▸ **DATA FOR REVIEW**:
^^^^^^^^^^^^^^^^

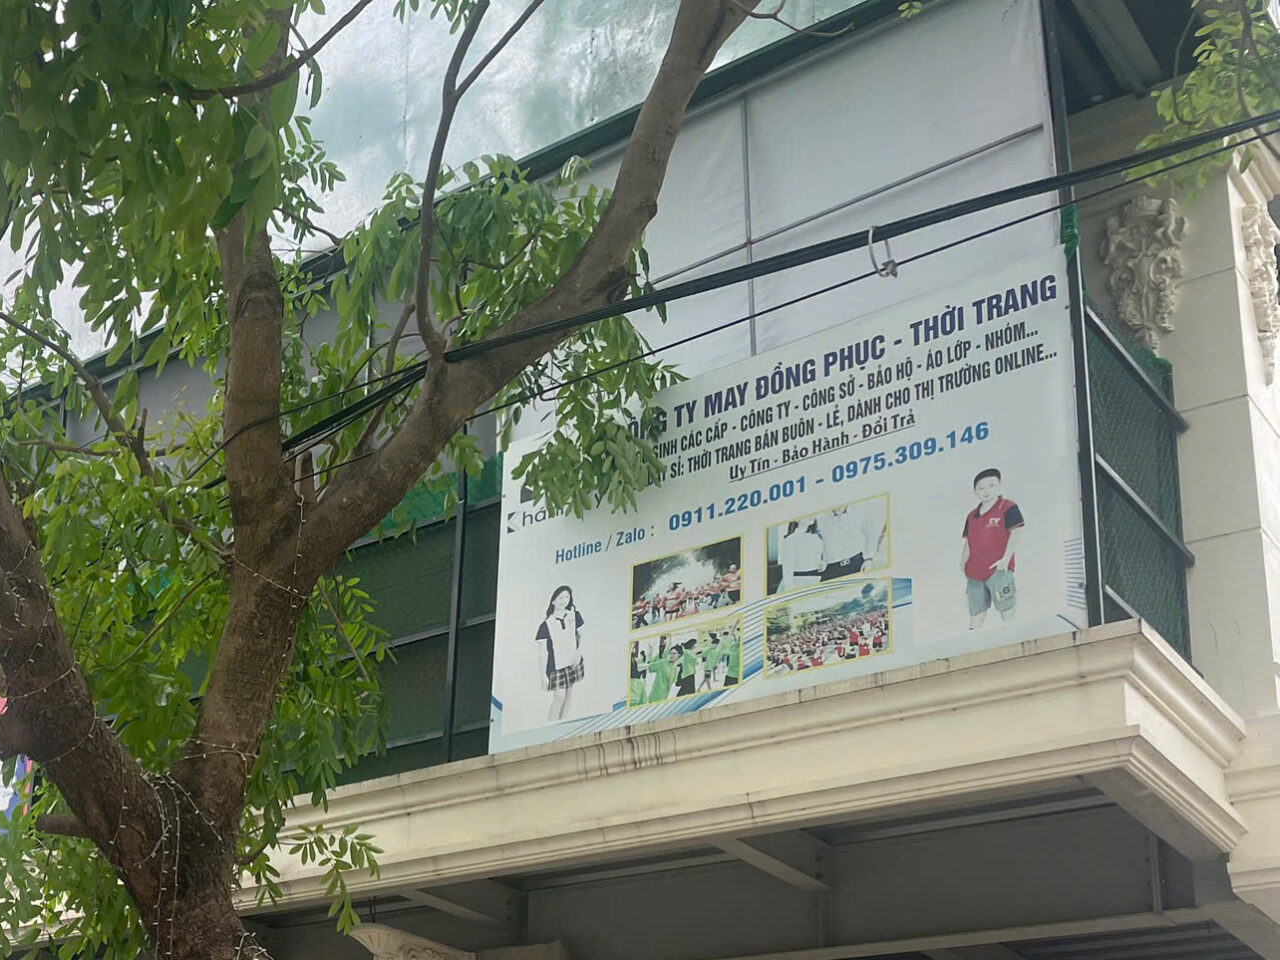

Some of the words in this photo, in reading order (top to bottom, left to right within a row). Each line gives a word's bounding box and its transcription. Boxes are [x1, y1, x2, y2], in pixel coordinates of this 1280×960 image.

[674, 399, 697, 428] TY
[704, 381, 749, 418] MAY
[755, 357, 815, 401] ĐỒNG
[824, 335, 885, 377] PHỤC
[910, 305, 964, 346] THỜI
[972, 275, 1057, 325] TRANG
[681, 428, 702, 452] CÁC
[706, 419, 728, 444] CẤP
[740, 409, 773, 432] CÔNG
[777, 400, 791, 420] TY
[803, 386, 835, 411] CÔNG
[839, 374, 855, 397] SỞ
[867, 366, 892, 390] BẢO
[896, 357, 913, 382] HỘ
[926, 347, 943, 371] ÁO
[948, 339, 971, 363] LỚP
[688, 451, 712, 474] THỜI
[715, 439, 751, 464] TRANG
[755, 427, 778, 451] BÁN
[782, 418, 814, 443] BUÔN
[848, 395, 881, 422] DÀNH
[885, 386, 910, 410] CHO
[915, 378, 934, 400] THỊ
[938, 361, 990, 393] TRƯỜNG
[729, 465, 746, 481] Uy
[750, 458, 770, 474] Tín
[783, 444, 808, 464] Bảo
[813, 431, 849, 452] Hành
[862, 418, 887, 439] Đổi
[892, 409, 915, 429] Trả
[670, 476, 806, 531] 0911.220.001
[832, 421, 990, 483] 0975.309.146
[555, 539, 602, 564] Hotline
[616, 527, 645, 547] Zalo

^^^^^^^^^^^^^^^^

▸ **ACTIVITY**: Set down the whole listing exactly as given, except for the pictures.

▸ **OUTPUT**:
Some of the words in this photo, in reading order (top to bottom, left to right within a row). Each line gives a word's bounding box and its transcription. Boxes are [x1, y1, x2, y2], in pixel coordinates of this 1280×960 image.

[674, 399, 697, 428] TY
[704, 381, 749, 418] MAY
[755, 357, 815, 401] ĐỒNG
[824, 335, 885, 377] PHỤC
[910, 305, 964, 346] THỜI
[972, 275, 1057, 325] TRANG
[681, 428, 702, 452] CÁC
[706, 419, 728, 444] CẤP
[740, 409, 773, 432] CÔNG
[777, 400, 791, 420] TY
[803, 386, 835, 411] CÔNG
[839, 374, 855, 397] SỞ
[867, 366, 892, 390] BẢO
[896, 357, 913, 382] HỘ
[926, 347, 943, 371] ÁO
[948, 339, 971, 363] LỚP
[688, 451, 712, 474] THỜI
[715, 439, 751, 464] TRANG
[755, 427, 778, 451] BÁN
[782, 418, 814, 443] BUÔN
[848, 395, 881, 422] DÀNH
[885, 386, 910, 410] CHO
[915, 378, 934, 400] THỊ
[938, 361, 990, 393] TRƯỜNG
[729, 465, 746, 481] Uy
[750, 458, 770, 474] Tín
[783, 444, 808, 464] Bảo
[813, 431, 849, 452] Hành
[862, 418, 887, 439] Đổi
[892, 409, 915, 429] Trả
[670, 476, 806, 531] 0911.220.001
[832, 421, 990, 483] 0975.309.146
[555, 539, 602, 564] Hotline
[616, 527, 645, 547] Zalo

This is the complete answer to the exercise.